— Exercise brief —
Retype, word for word, only the lines from the one with "this 2040×1148 image." through the last line of the data below.

— Records shown —
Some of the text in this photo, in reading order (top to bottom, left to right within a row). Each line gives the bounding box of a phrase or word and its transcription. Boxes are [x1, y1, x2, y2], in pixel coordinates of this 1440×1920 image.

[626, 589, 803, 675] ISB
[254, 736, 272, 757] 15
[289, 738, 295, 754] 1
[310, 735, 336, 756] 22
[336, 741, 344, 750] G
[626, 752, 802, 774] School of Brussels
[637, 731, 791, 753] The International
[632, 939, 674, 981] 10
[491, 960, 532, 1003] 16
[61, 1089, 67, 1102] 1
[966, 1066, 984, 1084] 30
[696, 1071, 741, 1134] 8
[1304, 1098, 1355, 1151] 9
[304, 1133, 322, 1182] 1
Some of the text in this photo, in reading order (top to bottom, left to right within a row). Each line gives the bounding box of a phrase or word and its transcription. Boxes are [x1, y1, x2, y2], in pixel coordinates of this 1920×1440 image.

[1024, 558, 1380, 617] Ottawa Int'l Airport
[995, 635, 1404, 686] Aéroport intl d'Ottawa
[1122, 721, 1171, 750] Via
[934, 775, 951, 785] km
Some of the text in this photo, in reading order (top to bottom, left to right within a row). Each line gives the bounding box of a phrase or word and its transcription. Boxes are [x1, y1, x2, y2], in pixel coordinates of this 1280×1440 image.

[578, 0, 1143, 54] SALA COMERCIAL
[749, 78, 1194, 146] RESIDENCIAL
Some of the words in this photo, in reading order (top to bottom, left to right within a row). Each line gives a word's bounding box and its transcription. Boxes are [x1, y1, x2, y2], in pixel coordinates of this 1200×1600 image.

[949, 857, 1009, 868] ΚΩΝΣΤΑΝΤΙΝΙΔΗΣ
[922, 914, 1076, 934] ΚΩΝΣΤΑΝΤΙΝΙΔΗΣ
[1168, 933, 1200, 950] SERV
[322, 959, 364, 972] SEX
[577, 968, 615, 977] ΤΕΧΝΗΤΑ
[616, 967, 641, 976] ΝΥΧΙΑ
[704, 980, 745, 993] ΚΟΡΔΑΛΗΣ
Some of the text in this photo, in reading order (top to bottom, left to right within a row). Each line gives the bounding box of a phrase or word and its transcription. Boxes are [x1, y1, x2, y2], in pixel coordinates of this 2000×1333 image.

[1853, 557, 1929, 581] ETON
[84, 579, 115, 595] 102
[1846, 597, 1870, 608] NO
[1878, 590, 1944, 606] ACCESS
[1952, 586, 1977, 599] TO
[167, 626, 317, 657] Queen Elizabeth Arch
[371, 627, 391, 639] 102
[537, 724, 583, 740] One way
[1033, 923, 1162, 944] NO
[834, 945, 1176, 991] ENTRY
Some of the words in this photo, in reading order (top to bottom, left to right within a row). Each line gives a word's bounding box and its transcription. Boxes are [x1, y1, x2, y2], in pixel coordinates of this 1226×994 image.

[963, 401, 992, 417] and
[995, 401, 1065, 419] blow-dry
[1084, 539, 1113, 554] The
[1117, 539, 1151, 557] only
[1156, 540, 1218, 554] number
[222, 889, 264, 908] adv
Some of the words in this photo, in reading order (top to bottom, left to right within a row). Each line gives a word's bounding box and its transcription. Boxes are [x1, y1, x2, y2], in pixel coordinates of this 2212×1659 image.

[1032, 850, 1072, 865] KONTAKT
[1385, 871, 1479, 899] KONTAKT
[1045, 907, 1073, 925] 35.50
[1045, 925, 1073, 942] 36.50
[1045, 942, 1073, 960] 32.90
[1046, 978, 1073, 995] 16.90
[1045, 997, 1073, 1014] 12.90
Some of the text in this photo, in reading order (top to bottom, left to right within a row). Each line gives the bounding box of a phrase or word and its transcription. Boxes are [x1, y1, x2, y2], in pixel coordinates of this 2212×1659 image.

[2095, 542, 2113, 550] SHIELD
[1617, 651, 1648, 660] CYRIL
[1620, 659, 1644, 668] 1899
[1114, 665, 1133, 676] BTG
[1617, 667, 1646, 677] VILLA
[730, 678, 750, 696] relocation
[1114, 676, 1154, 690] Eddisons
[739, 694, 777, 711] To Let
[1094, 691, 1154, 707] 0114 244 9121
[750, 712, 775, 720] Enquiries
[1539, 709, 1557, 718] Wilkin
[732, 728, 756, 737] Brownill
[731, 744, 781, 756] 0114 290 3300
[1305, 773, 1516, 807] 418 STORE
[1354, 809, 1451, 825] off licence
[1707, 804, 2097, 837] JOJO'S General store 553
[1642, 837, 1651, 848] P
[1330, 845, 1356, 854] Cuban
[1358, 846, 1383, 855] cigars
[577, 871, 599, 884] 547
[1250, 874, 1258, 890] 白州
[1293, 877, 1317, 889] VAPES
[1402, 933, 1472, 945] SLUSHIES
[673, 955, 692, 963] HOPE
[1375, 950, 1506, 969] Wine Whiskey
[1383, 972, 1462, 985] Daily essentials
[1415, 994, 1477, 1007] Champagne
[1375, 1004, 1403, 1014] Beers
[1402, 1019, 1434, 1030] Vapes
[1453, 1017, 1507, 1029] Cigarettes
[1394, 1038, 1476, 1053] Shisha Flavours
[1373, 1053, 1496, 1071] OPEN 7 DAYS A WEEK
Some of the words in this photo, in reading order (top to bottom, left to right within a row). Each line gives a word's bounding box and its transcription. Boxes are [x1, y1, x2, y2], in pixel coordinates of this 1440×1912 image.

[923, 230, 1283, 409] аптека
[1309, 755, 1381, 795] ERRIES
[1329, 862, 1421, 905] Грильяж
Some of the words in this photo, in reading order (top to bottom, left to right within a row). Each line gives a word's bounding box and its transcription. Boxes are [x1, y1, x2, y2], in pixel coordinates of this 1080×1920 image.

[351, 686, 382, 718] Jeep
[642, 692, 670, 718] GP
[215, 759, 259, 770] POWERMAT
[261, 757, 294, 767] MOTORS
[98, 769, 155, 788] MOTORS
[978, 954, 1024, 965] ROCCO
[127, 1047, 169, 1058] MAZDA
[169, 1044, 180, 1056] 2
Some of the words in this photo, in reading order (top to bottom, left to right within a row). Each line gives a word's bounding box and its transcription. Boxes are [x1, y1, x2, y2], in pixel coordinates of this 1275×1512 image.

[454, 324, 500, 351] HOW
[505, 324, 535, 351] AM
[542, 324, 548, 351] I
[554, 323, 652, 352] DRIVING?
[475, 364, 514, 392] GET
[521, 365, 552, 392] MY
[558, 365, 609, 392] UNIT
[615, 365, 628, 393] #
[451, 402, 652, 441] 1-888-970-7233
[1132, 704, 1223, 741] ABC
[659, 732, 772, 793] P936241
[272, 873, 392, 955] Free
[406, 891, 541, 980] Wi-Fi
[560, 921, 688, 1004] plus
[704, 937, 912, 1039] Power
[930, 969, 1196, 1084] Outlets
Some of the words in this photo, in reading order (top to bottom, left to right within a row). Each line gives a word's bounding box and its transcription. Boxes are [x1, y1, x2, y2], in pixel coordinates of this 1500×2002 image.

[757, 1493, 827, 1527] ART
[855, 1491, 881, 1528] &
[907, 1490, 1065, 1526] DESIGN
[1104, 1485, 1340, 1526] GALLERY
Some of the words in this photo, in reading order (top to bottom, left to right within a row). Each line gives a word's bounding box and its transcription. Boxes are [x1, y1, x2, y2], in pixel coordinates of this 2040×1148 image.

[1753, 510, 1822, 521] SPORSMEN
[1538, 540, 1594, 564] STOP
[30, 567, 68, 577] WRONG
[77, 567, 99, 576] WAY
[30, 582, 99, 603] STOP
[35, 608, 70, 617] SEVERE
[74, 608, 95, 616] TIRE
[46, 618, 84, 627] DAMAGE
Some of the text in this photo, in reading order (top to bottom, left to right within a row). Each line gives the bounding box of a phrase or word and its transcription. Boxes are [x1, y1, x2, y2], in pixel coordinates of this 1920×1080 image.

— Result —
Some of the words in this photo, in reading order (top to bottom, left to right within a row). Each line gives a word's bounding box and its transcription. Boxes are [x1, y1, x2, y2], in pixel coordinates of this 2040×1148 image.

[1753, 510, 1822, 521] SPORSMEN
[1538, 540, 1594, 564] STOP
[30, 567, 68, 577] WRONG
[77, 567, 99, 576] WAY
[30, 582, 99, 603] STOP
[35, 608, 70, 617] SEVERE
[74, 608, 95, 616] TIRE
[46, 618, 84, 627] DAMAGE
Some of the text in this photo, in reading order (top to bottom, left to right within a row). Each line gives the bounding box of a phrase or word and its transcription. Boxes are [x1, y1, x2, y2], in pixel coordinates of this 1920×1080 image.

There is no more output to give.